** Opening The data block **

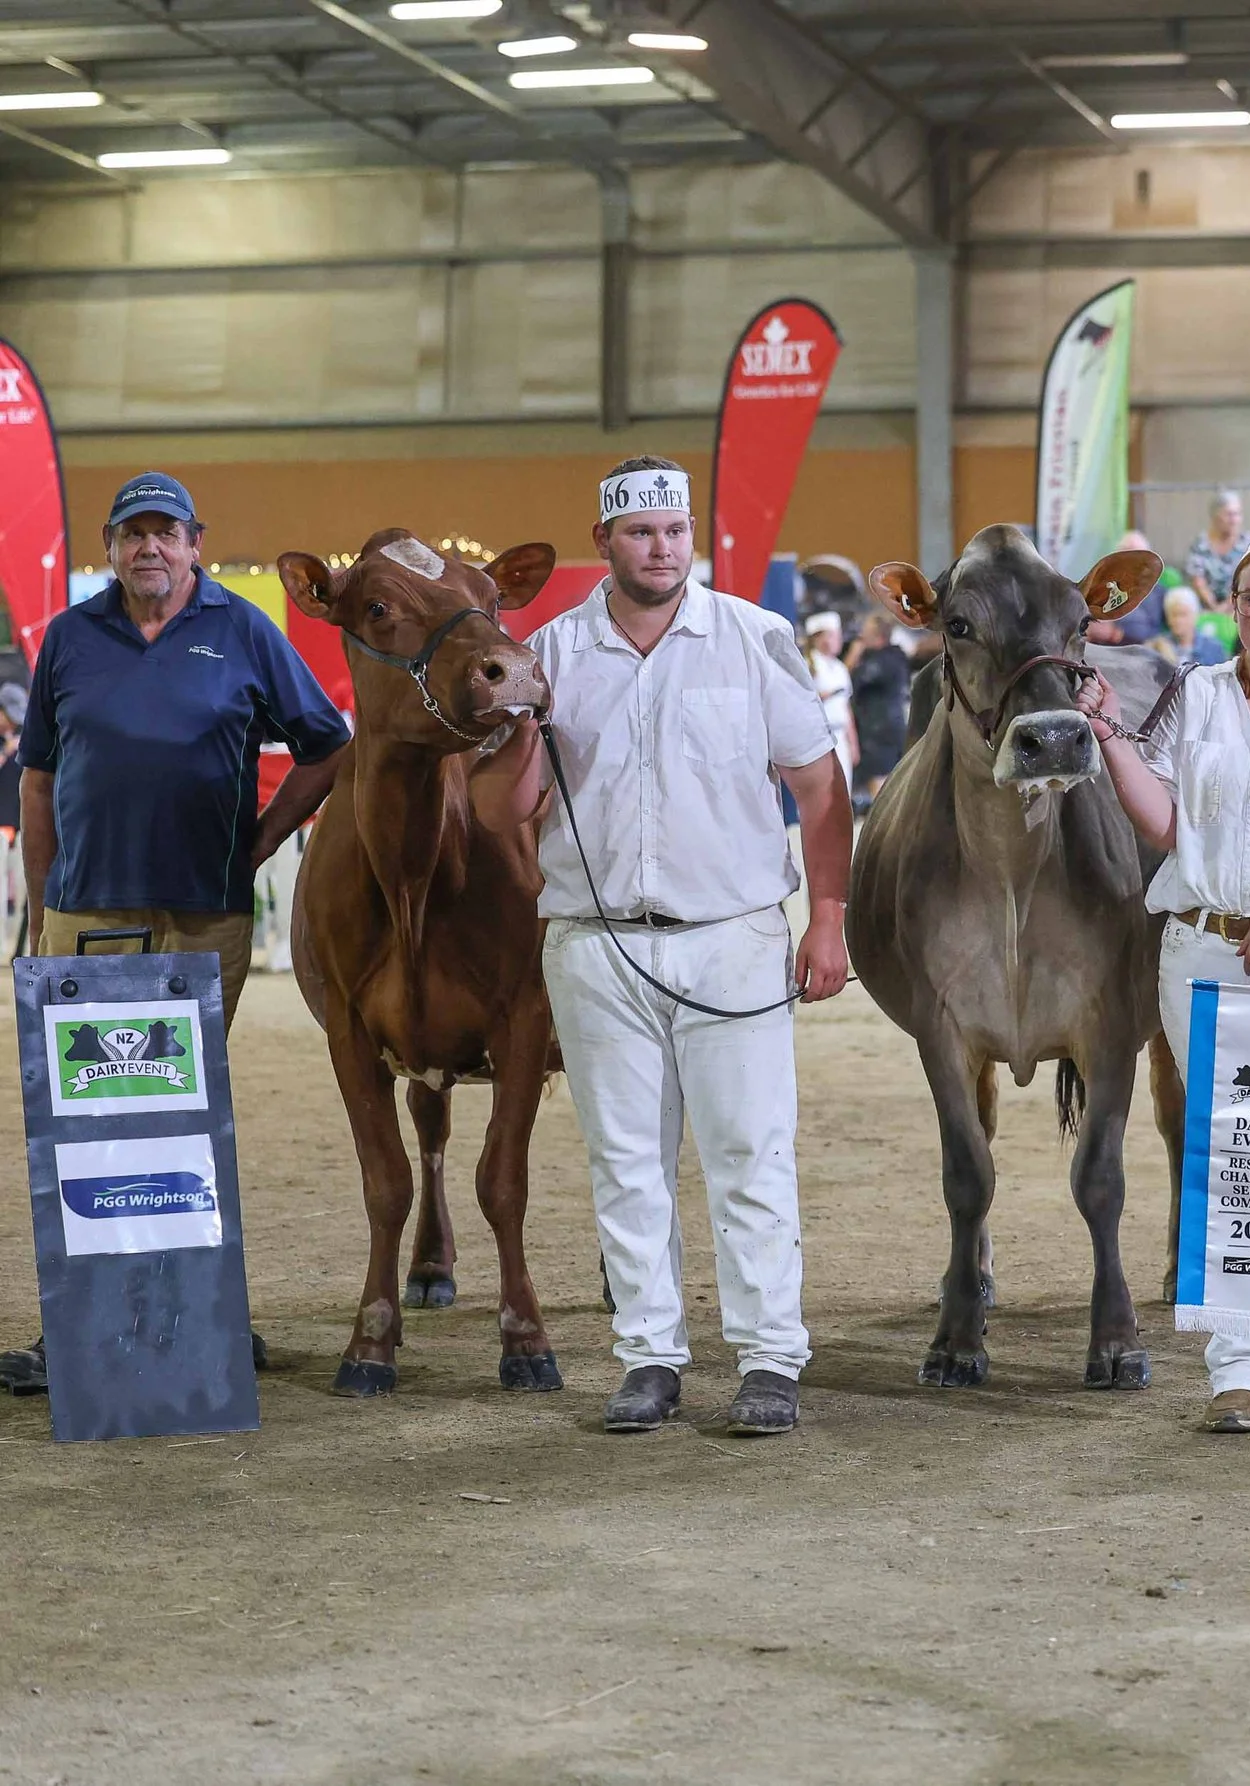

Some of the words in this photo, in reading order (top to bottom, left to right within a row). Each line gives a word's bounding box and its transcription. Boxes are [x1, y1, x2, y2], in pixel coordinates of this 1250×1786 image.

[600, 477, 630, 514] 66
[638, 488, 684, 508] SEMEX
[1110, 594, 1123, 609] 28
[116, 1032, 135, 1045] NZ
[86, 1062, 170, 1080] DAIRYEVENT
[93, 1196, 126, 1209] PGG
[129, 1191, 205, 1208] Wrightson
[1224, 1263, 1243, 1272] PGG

** Closing The data block **

Task directions: Print out the entries once more, unchanged. No pictures.

Written answer:
Some of the words in this photo, in reading order (top to bottom, left to right within a row). Each line gives a word's bounding box and its transcription. Boxes are [x1, y1, x2, y2], in pixel coordinates of this 1250×1786 image.

[600, 477, 630, 514] 66
[638, 488, 684, 508] SEMEX
[1110, 594, 1123, 609] 28
[116, 1032, 135, 1045] NZ
[86, 1062, 170, 1080] DAIRYEVENT
[93, 1196, 126, 1209] PGG
[129, 1191, 205, 1208] Wrightson
[1224, 1263, 1243, 1272] PGG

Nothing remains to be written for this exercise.